#### EXCERPTED RECORDS ####
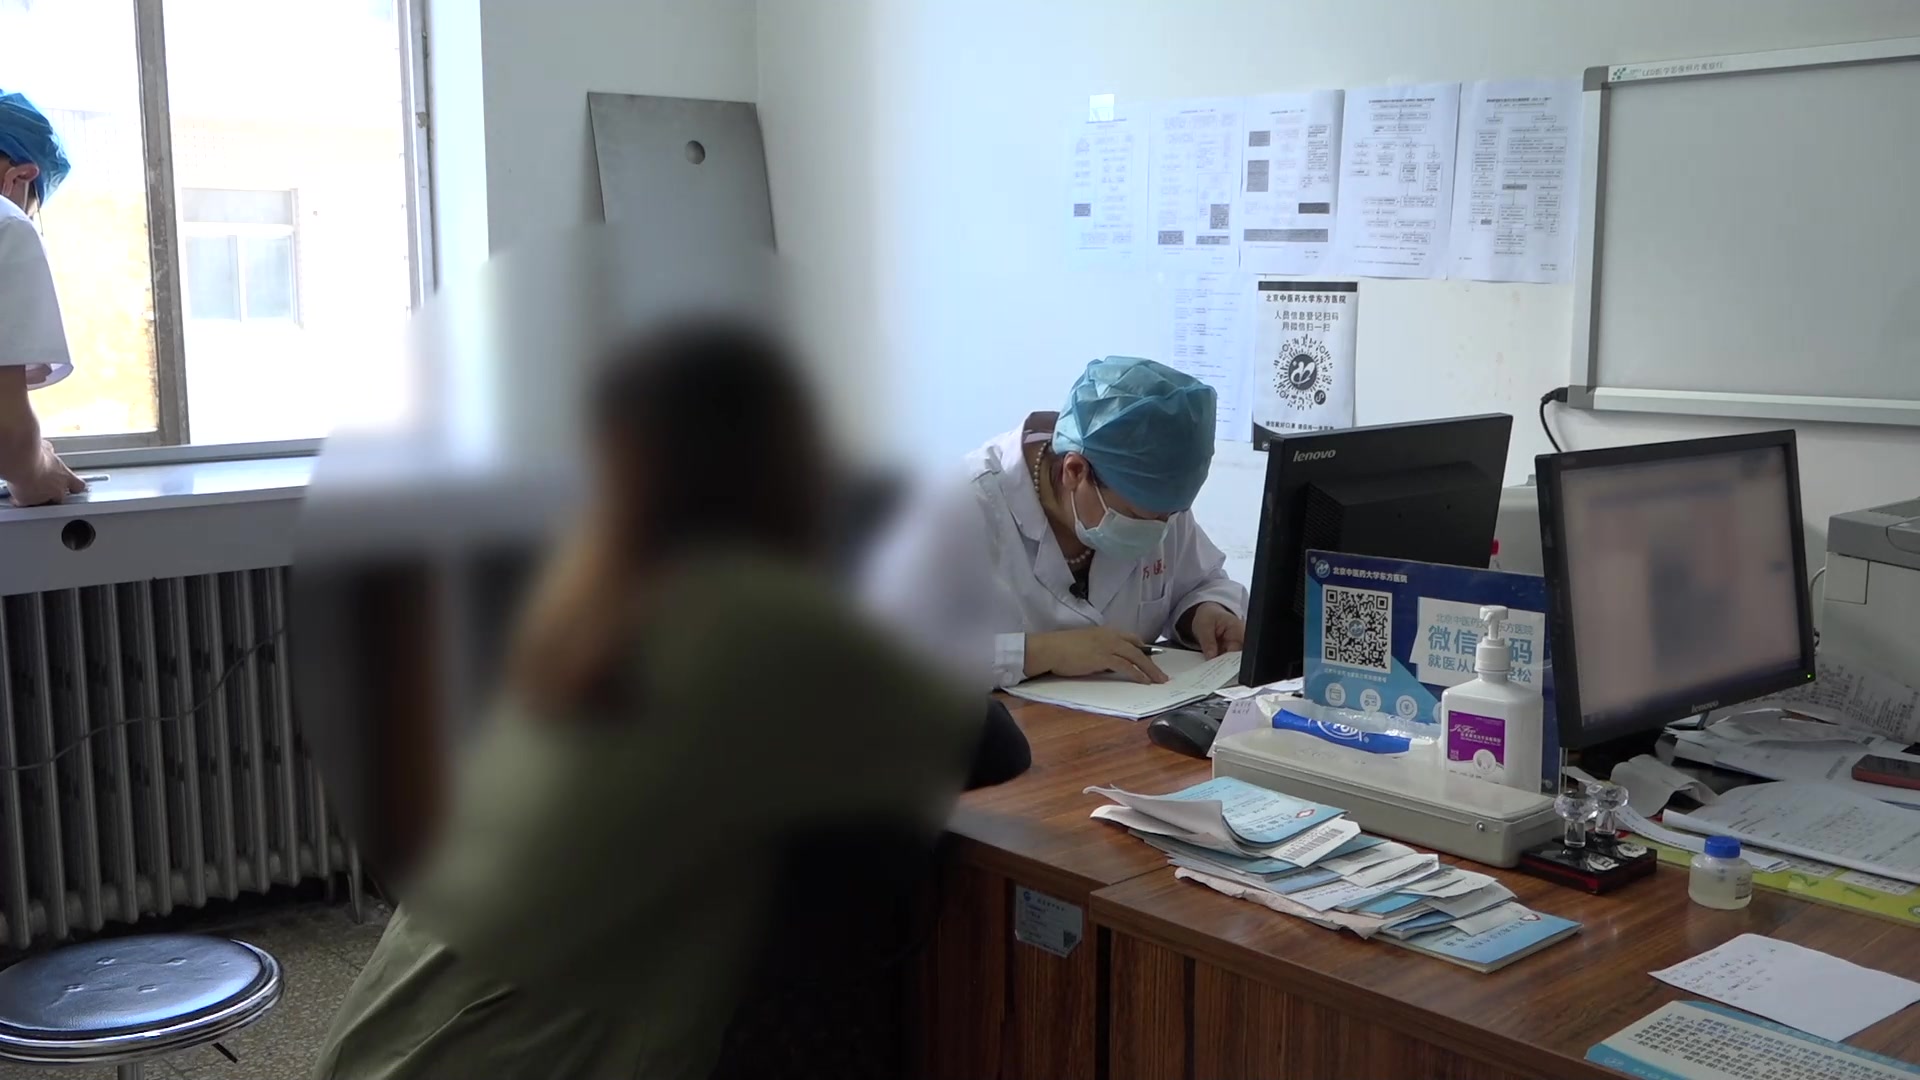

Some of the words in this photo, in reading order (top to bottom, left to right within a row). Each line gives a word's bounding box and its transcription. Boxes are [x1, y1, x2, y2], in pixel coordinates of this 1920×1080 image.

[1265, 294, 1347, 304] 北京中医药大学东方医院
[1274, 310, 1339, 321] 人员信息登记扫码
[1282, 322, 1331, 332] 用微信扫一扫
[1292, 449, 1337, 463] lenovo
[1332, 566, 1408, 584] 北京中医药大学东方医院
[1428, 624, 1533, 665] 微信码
####
*THE TASK:* Where images occur in the data above, leave them out and repeat everything else exactly.

*RESPONSE BOX:*
Some of the words in this photo, in reading order (top to bottom, left to right within a row). Each line gives a word's bounding box and its transcription. Boxes are [x1, y1, x2, y2], in pixel coordinates of this 1920×1080 image.

[1265, 294, 1347, 304] 北京中医药大学东方医院
[1274, 310, 1339, 321] 人员信息登记扫码
[1282, 322, 1331, 332] 用微信扫一扫
[1292, 449, 1337, 463] lenovo
[1332, 566, 1408, 584] 北京中医药大学东方医院
[1428, 624, 1533, 665] 微信码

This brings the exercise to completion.